日本語の美しさと日本人の美徳を考えました。


既存エッセイの一つではなく、思うところあり、独立したエッセイにします。





 過日、僕は少し静療すると言い残し暇を頂いた。まあ勝手にだが。例年になくまだうすら寒い三月の末である。ただただ脳裡に浮かんだ文字を繋げた出来合いの節々を、まるで出来の悪いいびつな合口のように無理矢理閉じただけの文章が細々とこのサイトに残っている。短編数首、都合原稿用紙何枚だの何文字だの云云かんぬんと、さも大事のように啖呵を切り、一気呵成なるいきおいままに残した作品達は、忸怩たる悔悟の対象になっている。こんなんでよくもまあ偉そうな品評など行えたものだ。


 小学生時分にファンタジー小説を読み漁り、中学生時分には洒落た流行りものをいくつか読んだが、宮部みゆきやら貴志裕介を読んだのは覚えている。他は覚えていない。そして高校生になった頃はじめて司馬遼太郎の『覇王の家』を読んだ。邂逅と言っても間違いはあるまい。メインは岡崎や三河なので、徳川幕府ではなく徳川家康となるまでの形成過程を描いた歴史小説なのだから『覇王の()』なのだと、空っぽのおつむなりに理解はできた。その時にはじめて、読み手にも体力が必要なのだと知った。
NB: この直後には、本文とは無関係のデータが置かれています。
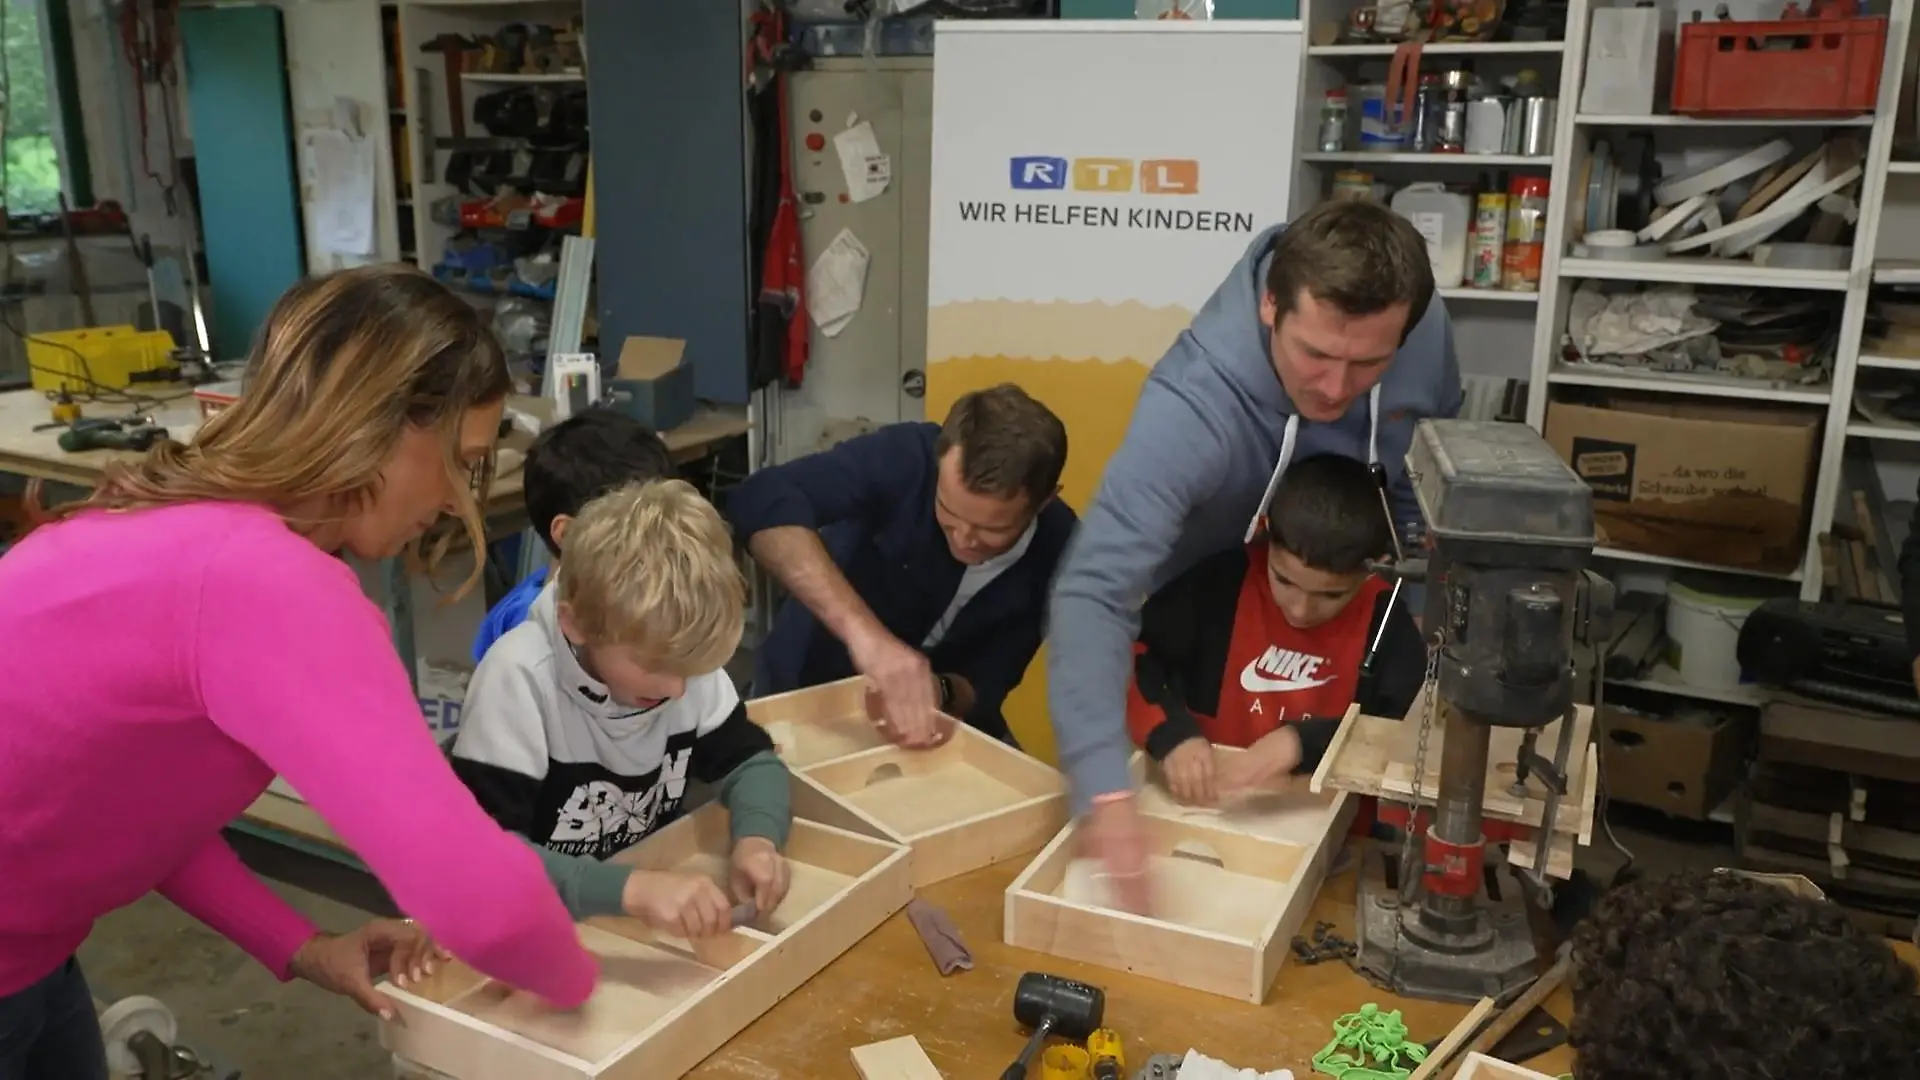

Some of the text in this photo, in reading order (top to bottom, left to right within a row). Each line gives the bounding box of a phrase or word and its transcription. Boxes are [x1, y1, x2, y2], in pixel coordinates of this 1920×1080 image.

件の小説は長編とは云えたかだか一巻だ。それでもなお、読了まで数日はかかった記憶がある。あまつさえ醍醐味や大筋は理解できたものの、氏の本髄や、味と云った肉付けに対しての感動などは当時は無縁で、「面白かった」との軽微な感想しか涌き出なかった。だのに、頁を捲る速度は遅く、時には前頁に戻る作業をしたほどだった。百様の語彙や時代特有の固有名詞など知るはずもなく、当時愛読書に近かった広辞苑を引いては閉じを繰り返し、文脈から察して看過してかなわないと判断した場合のみ先に進むといった読み方なのだから、体力がいるのは当然であり、また書き手はその幾倍の体力が必要なのだろうかという単純な疑問もバスケ少年の頭に容易に浮かんだ。後日、稀代の早読みだったという司馬遼太郎の逸話を知り、得心した。


 さて、文学に片足すら浸かっていない当時の僕の話をなぜしたかと言うと、過日の暇頂戴宣言後、改めて文学に向き合おうと決心したからである。


 三月の短編集中掲載は、数年は書いていなかった小説を書くにあたり、こびりついた錆の削ぎ落としと体力回復を希って、云わばリハビリのつもりだった。ストーリーは二の次で、終点に向かっての肉付けがいかほどか知るためだった。放置気味の連載物はプロットや伏線導線までお膳立てできたのだが、大いなる矛盾が発生したため今は手付かずだが。


 前述に戻るが、時間を置いてから自分の短編を見てみると、やはりひどい文章だった。当然自分の作品なのだから好きであり愛すべき作品には変わらないのだが、いかんせん薄い。正直なところ、筋道内容は考えて構成していないので面白い面白くないで判断はしたくないのだが、『おにぎり某』は一番の駄作だった。なぜ一番ポイントが高いのかも未だ謎である。及第点を付けるにしても、『悪魔の女』が唯一だった。次点で『無くした五円玉』か。とまあ、客観視する好機といえばそうなので、全て大切にしたい。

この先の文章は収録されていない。